In this context, the recent delivery of two judgements from the Superior Court in less than a month regarding drinking water tariffication is a notable occurence.
In the first judgement, 2623-4617 Québec inc. v Sept-Îles (Ville de) (in French), the plaintiff company, owner of real-estate properties, requests that be declared inapplicable the municipal regulation setting repayments for the municipal debt incurred further to drinking water infrastructure extension.
The municipal regulation imposes taxation on the owners of immovable property in the sector where service is extended. The Plaintiff opposes this on the basis that it does not actually receive drinking water, that there are no buildings on its lots, that the lots cannot be built upon, and that it does not and cannot derive a benefice from service extension.

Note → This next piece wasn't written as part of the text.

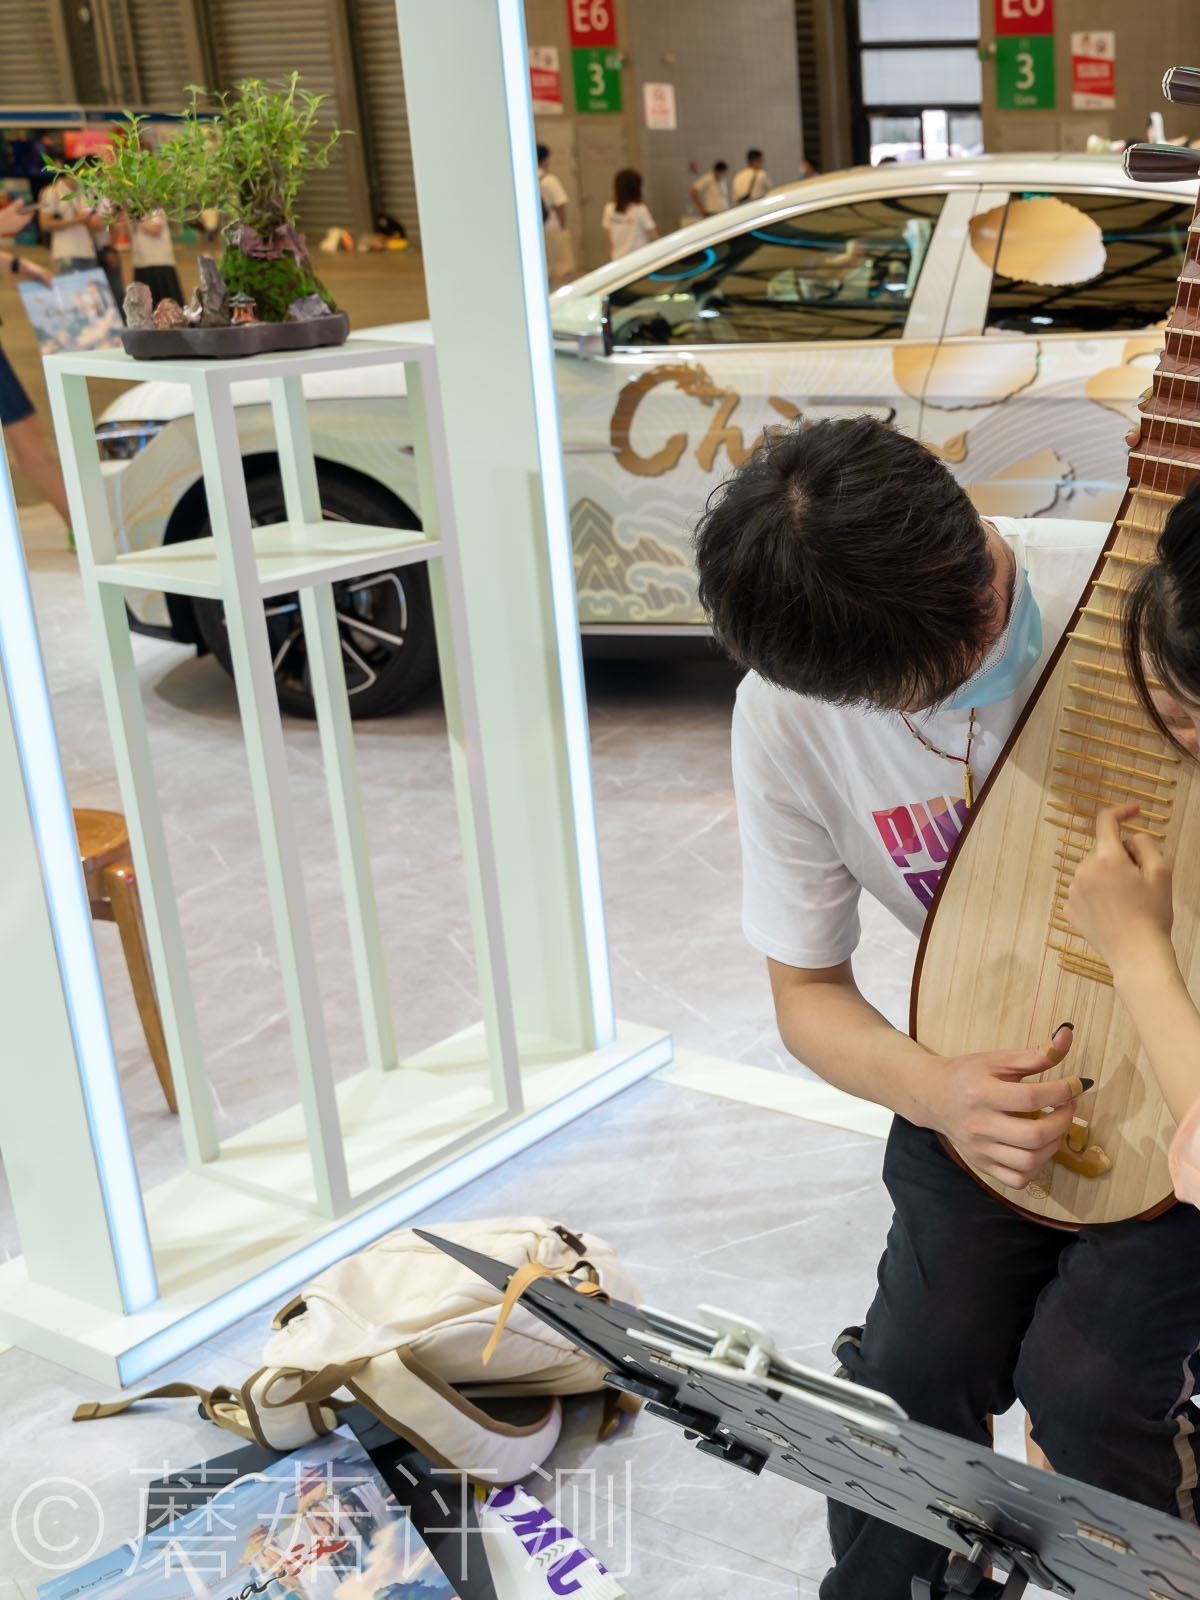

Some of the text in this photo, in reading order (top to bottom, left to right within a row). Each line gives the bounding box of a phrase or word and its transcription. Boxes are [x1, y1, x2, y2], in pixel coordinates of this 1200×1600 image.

[572, 0, 609, 32] E6
[587, 62, 606, 96] 3
[1016, 53, 1035, 90] 3

The municipal regulation relies on the powers granted by section 487 of the Cities and Towns Act, which reads as follows:
487. [...] the council may impose the special tax for the payment of municipal works of any kind, including works of maintenance, according to either the municipal valuation or the area or the frontage of the taxable property subject to such tax. [...]

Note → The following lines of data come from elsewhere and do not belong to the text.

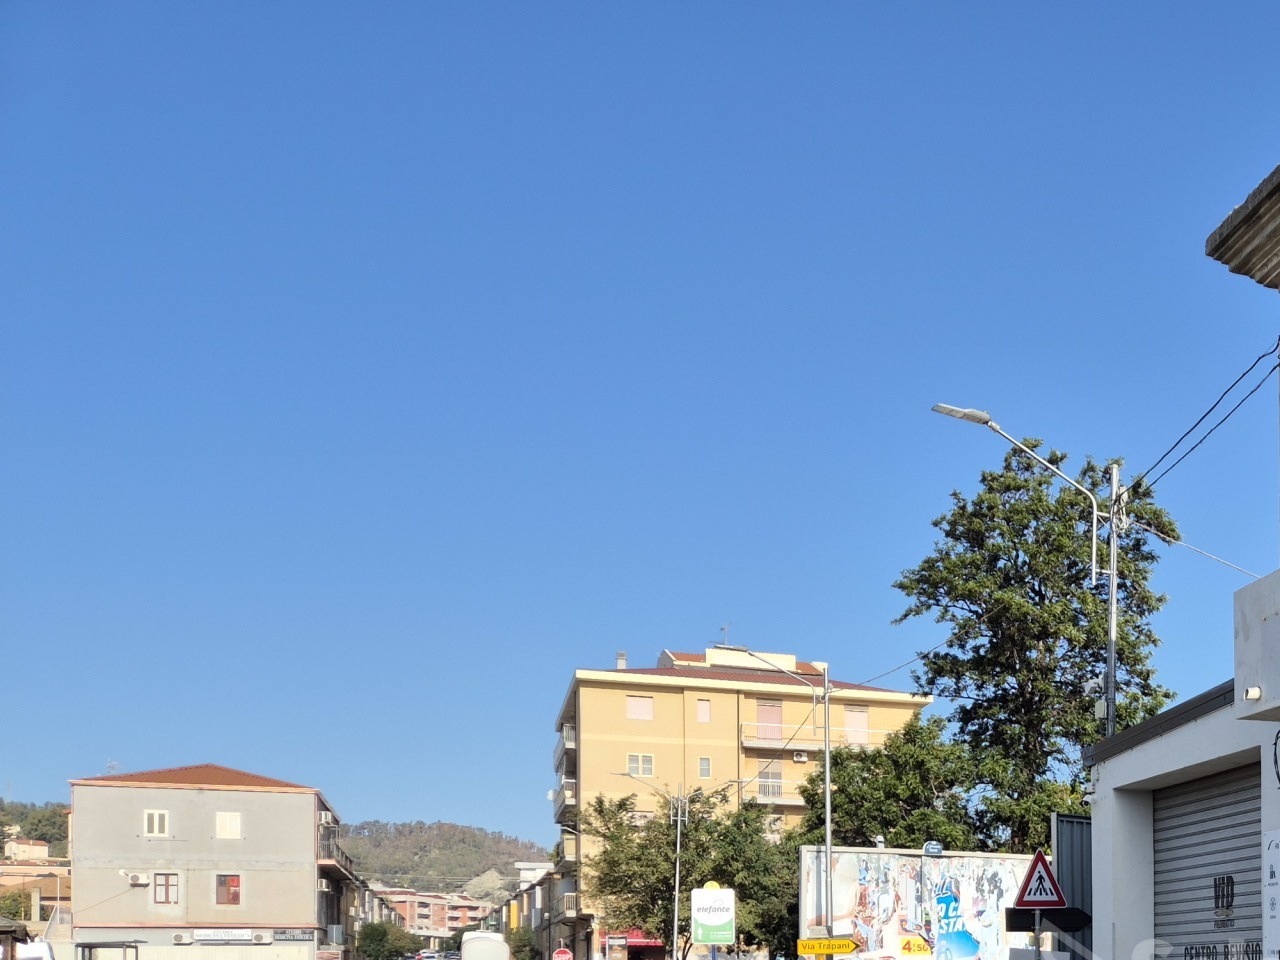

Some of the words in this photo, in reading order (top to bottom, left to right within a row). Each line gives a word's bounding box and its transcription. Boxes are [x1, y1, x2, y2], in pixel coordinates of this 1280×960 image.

[696, 906, 731, 914] elefante
[801, 942, 815, 950] Via
[818, 942, 850, 951] Trapani
[554, 953, 571, 960] STOP
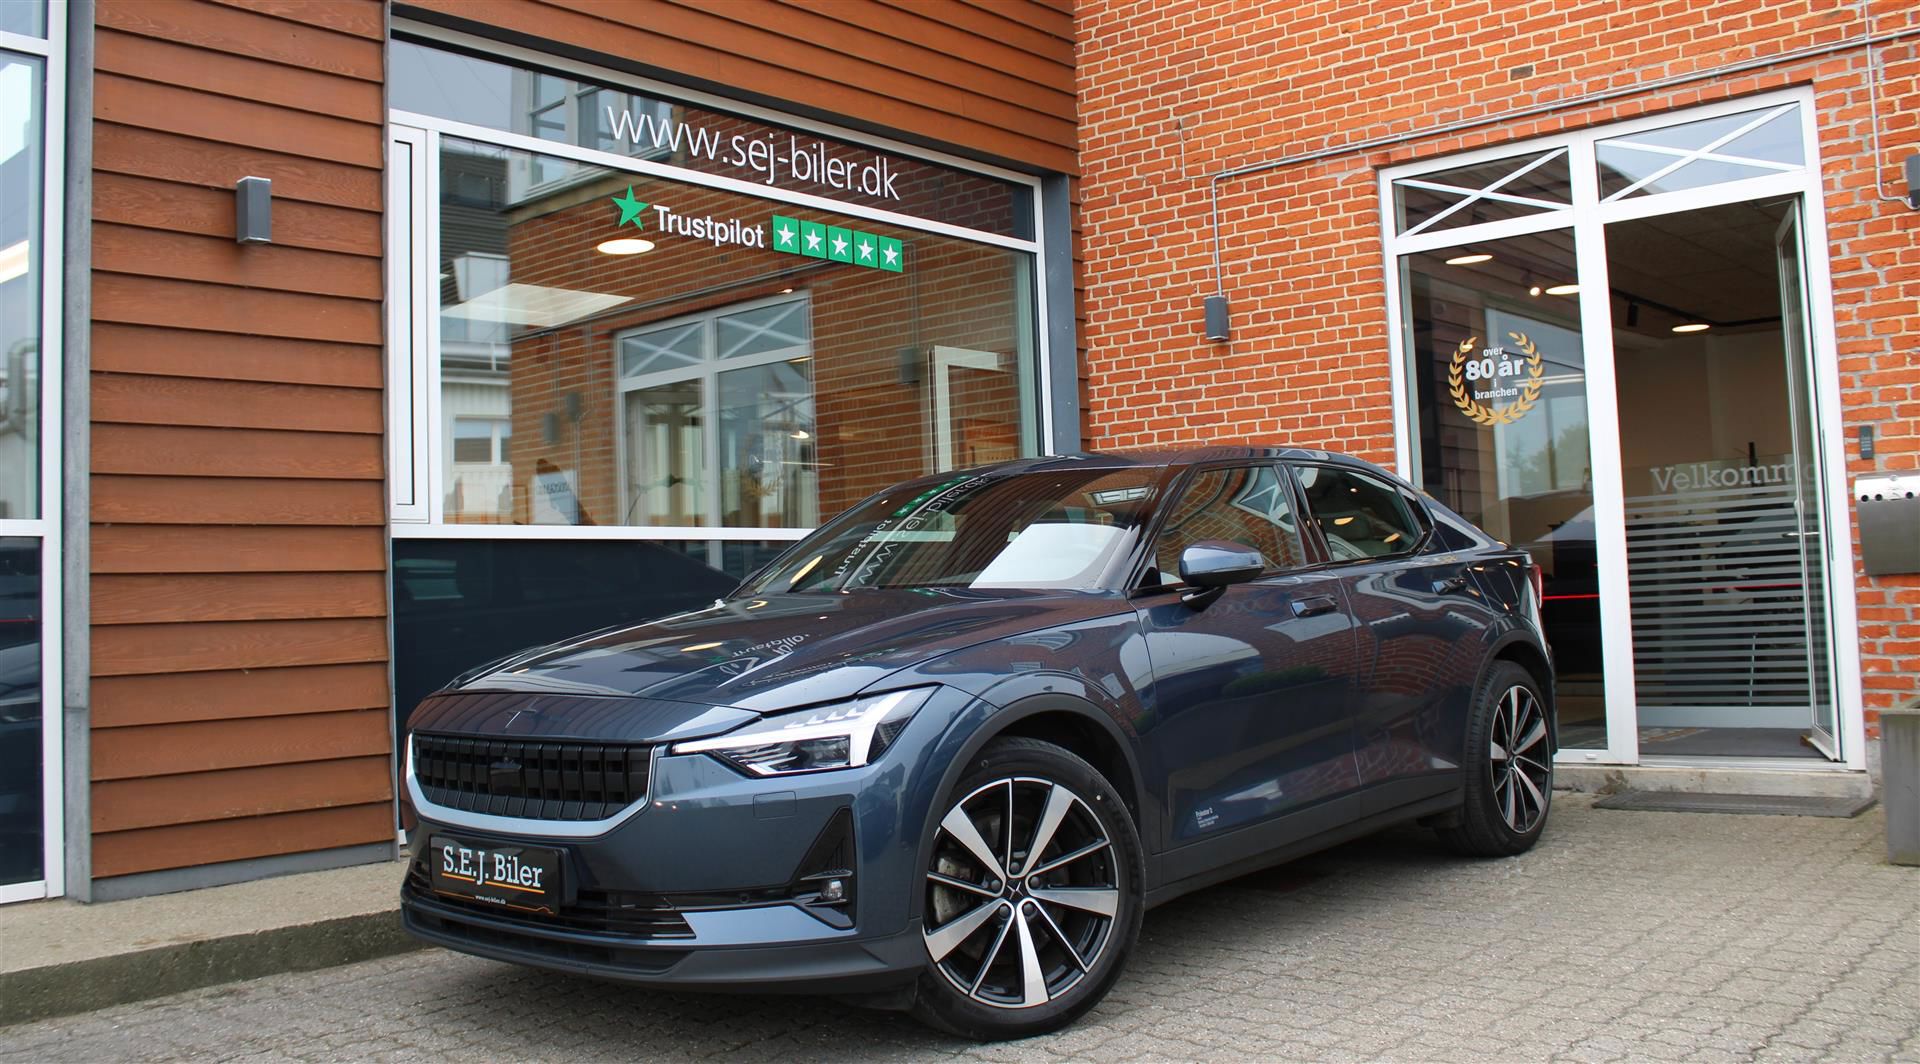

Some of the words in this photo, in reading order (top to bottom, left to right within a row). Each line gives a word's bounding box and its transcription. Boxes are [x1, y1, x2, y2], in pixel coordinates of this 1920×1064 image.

[607, 105, 901, 201] www.sej-biler.dk
[653, 205, 765, 249] Trustpilot
[1465, 358, 1495, 381] 80
[1498, 354, 1524, 377] år
[1482, 346, 1504, 357] over
[1474, 387, 1518, 400] branchen
[443, 845, 489, 885] S.E.J.
[493, 853, 543, 888] Biler

The council may also charge the cost of such works
(1) to the municipality;
(2) to the ratepayers of part of the territory of the municipality;
(3) to the ratepayers benefiting from the works when they are carried out in any part of the territory of the municipality [...][Emphasis added]
Section 561 of the Cities and Towns Act adds that:
561. Where the repayment of a loan is to be borne by the owners of immovables of a part only of the territory of the municipality or by those who benefit from the works as determined under section 487, the tax to be levied each year during the term of the loan shall be assessed only on the immovables of the owners concerned. [Emphasis added]

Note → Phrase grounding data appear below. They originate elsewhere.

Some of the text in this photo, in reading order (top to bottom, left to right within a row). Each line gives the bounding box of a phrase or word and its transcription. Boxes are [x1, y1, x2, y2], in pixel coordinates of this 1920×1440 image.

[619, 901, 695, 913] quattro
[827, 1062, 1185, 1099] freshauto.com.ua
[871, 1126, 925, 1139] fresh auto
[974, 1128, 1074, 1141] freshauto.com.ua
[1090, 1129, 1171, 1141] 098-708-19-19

So the question is whether the Plaintiff is an interested owner that benefit from the infrastructure extension.
After a review of case law precedents, the tribunal decide that the municipal regulation is applicable to the Plaintiff. Benefits do not have to be direct and immediate to impose on owners the financial burden of infrastructure extension, but it is necessary that the taxable owner derive a potential future benefit. In this instance, the tribunal decides that it remains possible that the Plaintiff benefit from connection to the service in the future, and the municipal regulation must be applied. Of note is the fact that the infrastructure serves to provide water for fire hydrants.
Legal principles similar to these in various jurisdictions have a significant impact on investment amortization. Investment viability may be influenced by court decisions that interpret the reach of the norms governing who should pay for infrastructure extension. However, economic studies and academic research on watsan provision rarely look at such legal norms and their interpretation in case law. Doing so could help ground blackboard economic studies.
In the second judgement, 2957-6345 Québec inc. c. Roberval (Ville de) (in French), the Plaintiff corporation is the owner and operator of a shopping mall in which the 23 businesses use drinking water provided by the Defendant municipality.
The Plaintiff attacks the validity of a municipal regulation on drinking water tariffication that requires the Plaintiff to pay 23 times the CAN$210 minimal service fee per year.
The Plaintiff's motion is rejected by the Court on the ground that the Plaintiff has not put forward any evidence that the municipal regulation is invalid because unjust, while the burden rests clearly of the Plaintiff's shoulders to do so according to consistent Court of Appeal precedents.
All in all, this case is notable because it is one of the very few that focuses on the interpretation of sections 244.1 to 244.6 of the An Act respecting Municipal taxation in the context of drinking water tariffication.